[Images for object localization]

- - - - - - -

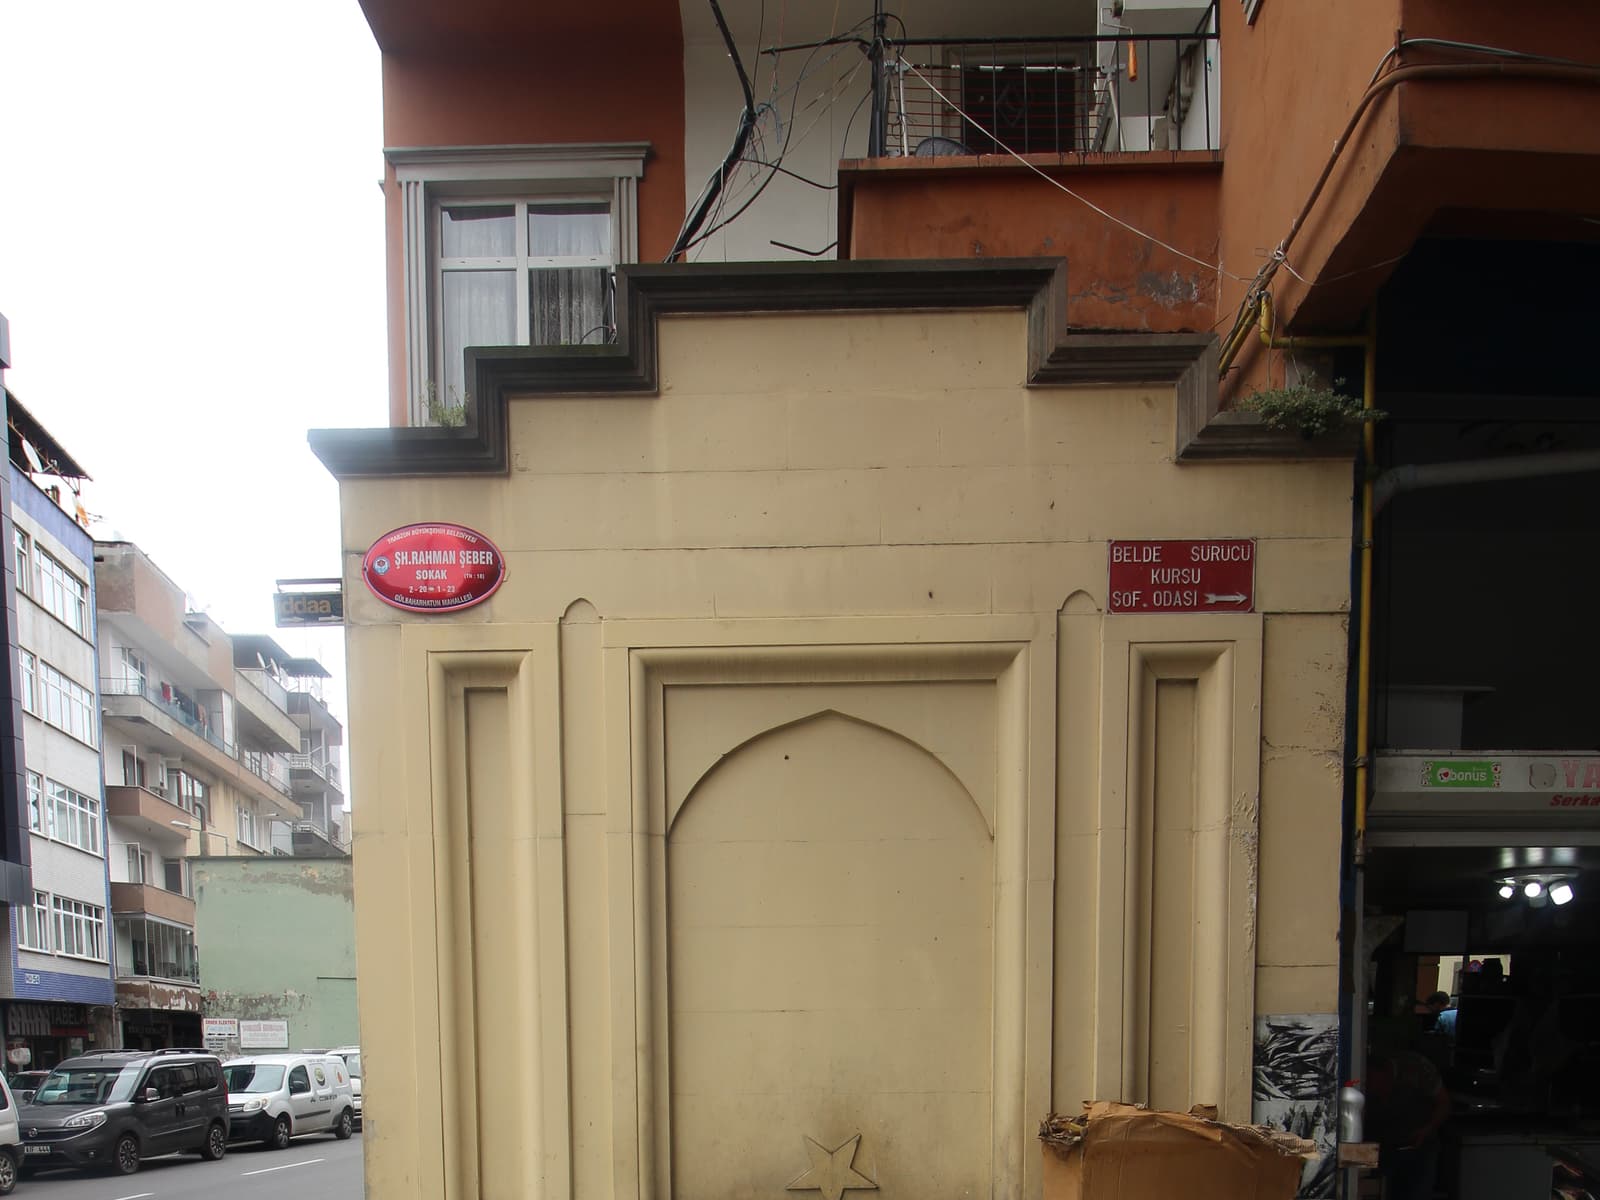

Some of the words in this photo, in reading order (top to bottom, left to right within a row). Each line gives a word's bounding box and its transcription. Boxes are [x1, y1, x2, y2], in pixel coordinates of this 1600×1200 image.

[394, 550, 456, 570] ŞH.RAHMAN
[459, 551, 493, 569] ŞEBER
[1113, 546, 1162, 563] BELDE
[415, 569, 448, 581] SOKAK
[1151, 568, 1201, 585] KURSU
[1153, 590, 1198, 607] ODASI
[1449, 768, 1488, 782] bonus
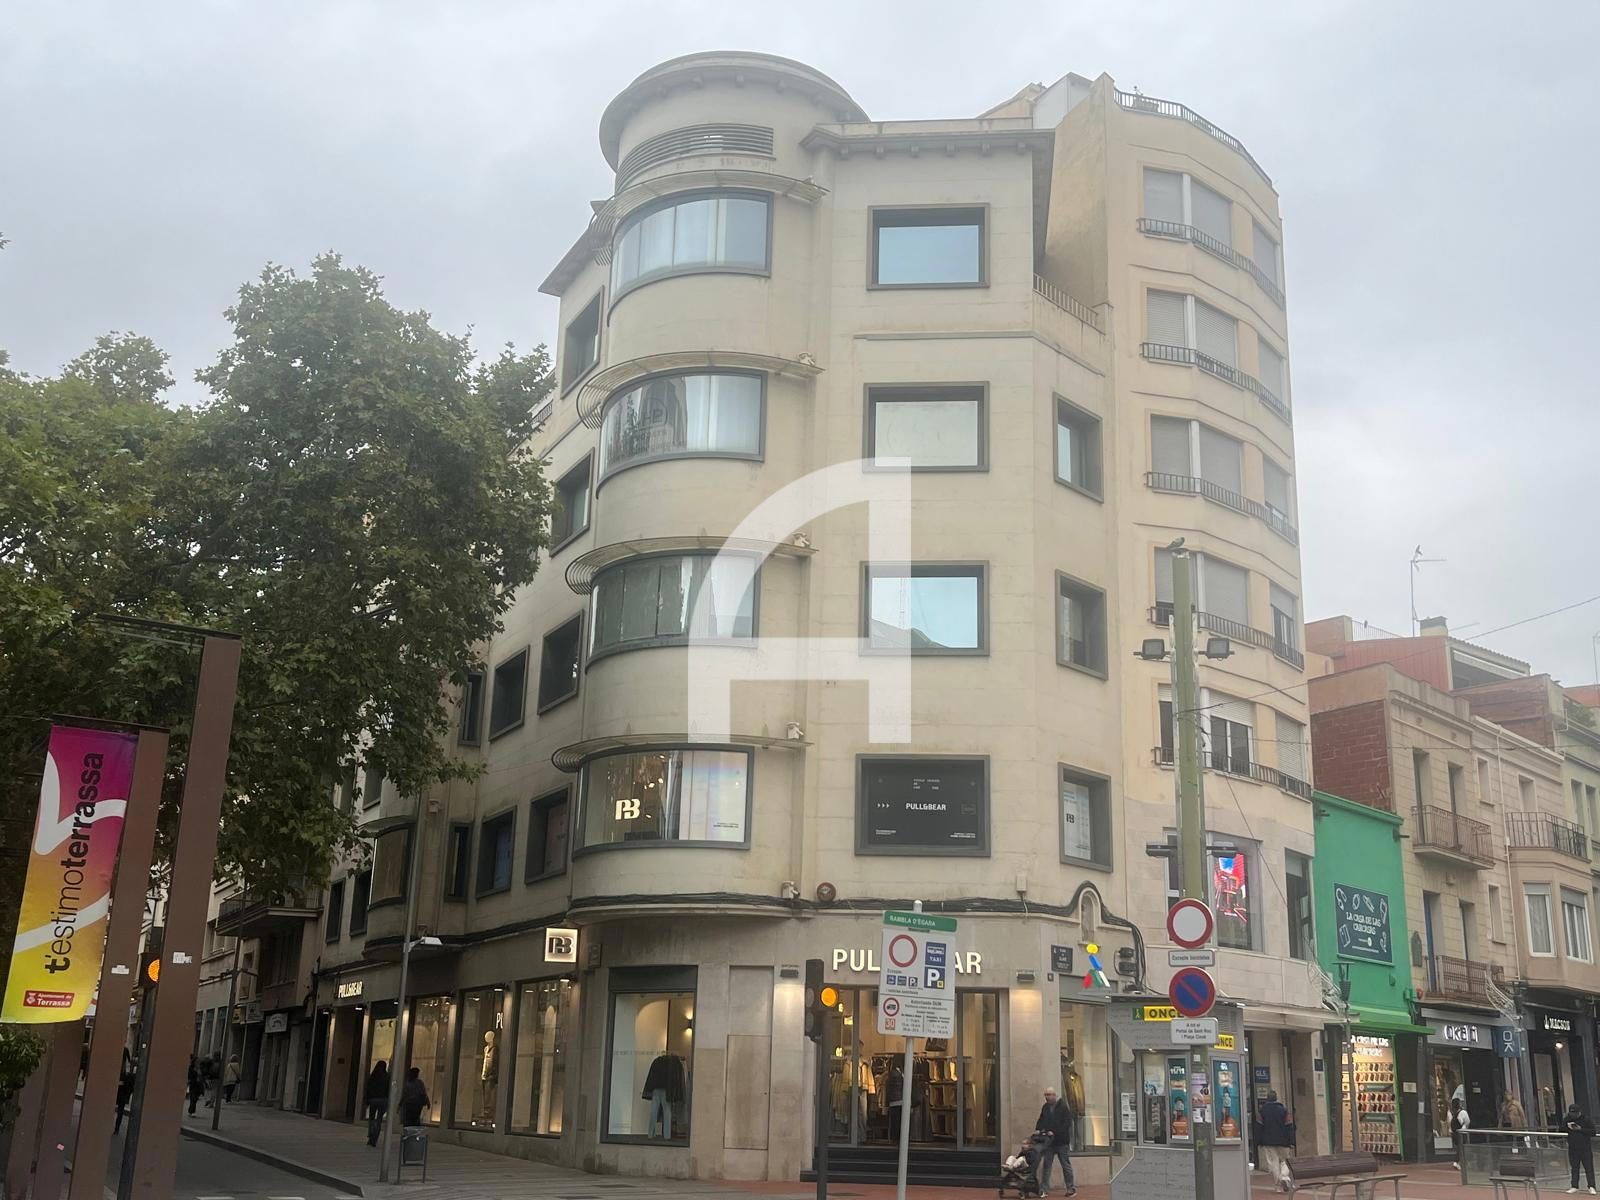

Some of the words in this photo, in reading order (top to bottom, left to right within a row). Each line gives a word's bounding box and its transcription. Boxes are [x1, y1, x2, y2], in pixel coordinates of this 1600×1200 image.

[905, 803, 947, 811] PULL&BEAR
[889, 915, 911, 925] RAMBLA
[37, 998, 71, 1007] Terrassa
[1148, 1008, 1185, 1018] ONC

- - - - - - -

* Try it: The whole of the data above needs retyping exactly, with pictures omitted.

* Final answer:
Some of the words in this photo, in reading order (top to bottom, left to right within a row). Each line gives a word's bounding box and its transcription. Boxes are [x1, y1, x2, y2], in pixel coordinates of this 1600×1200 image.

[394, 550, 456, 570] ŞH.RAHMAN
[459, 551, 493, 569] ŞEBER
[1113, 546, 1162, 563] BELDE
[415, 569, 448, 581] SOKAK
[1151, 568, 1201, 585] KURSU
[1153, 590, 1198, 607] ODASI
[1449, 768, 1488, 782] bonus

Some of the words in this photo, in reading order (top to bottom, left to right within a row). Each line gives a word's bounding box and its transcription. Boxes are [x1, y1, x2, y2], in pixel coordinates of this 1600×1200 image.

[905, 803, 947, 811] PULL&BEAR
[889, 915, 911, 925] RAMBLA
[37, 998, 71, 1007] Terrassa
[1148, 1008, 1185, 1018] ONC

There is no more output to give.